======== DATA SUPPLIED

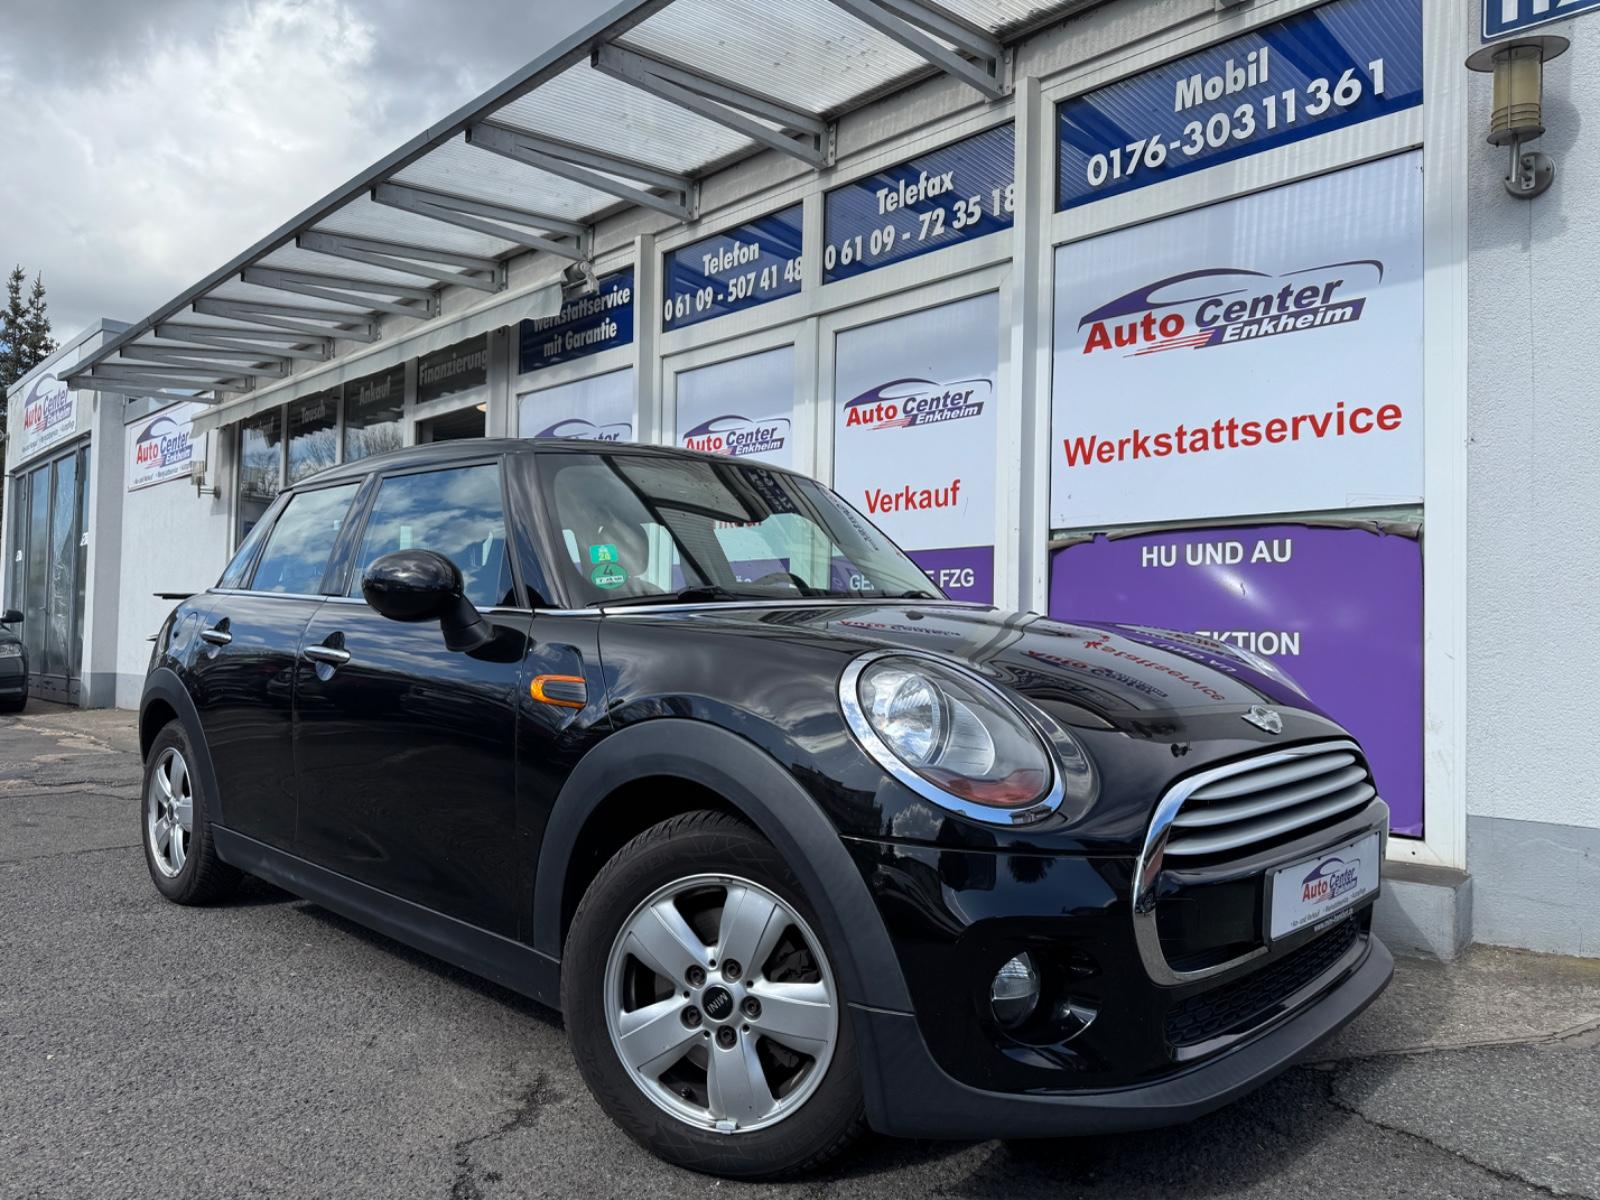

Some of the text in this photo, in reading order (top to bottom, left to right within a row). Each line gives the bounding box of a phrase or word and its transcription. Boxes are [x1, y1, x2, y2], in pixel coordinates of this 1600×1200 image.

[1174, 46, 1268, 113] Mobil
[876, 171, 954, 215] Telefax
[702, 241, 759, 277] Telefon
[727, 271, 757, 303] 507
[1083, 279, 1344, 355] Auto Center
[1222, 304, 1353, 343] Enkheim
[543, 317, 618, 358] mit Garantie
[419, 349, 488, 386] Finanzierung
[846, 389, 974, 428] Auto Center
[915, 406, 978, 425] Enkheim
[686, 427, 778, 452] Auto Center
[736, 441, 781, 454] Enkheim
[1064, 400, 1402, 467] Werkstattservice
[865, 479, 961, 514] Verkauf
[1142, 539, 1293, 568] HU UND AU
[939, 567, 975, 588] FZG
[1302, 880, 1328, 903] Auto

================

#### EXERCISE BRIEF
All preceding records should be duplicated verbatim, images excepted.

#### EXPECTED ANSWER
Some of the text in this photo, in reading order (top to bottom, left to right within a row). Each line gives the bounding box of a phrase or word and its transcription. Boxes are [x1, y1, x2, y2], in pixel coordinates of this 1600×1200 image.

[1174, 46, 1268, 113] Mobil
[876, 171, 954, 215] Telefax
[702, 241, 759, 277] Telefon
[727, 271, 757, 303] 507
[1083, 279, 1344, 355] Auto Center
[1222, 304, 1353, 343] Enkheim
[543, 317, 618, 358] mit Garantie
[419, 349, 488, 386] Finanzierung
[846, 389, 974, 428] Auto Center
[915, 406, 978, 425] Enkheim
[686, 427, 778, 452] Auto Center
[736, 441, 781, 454] Enkheim
[1064, 400, 1402, 467] Werkstattservice
[865, 479, 961, 514] Verkauf
[1142, 539, 1293, 568] HU UND AU
[939, 567, 975, 588] FZG
[1302, 880, 1328, 903] Auto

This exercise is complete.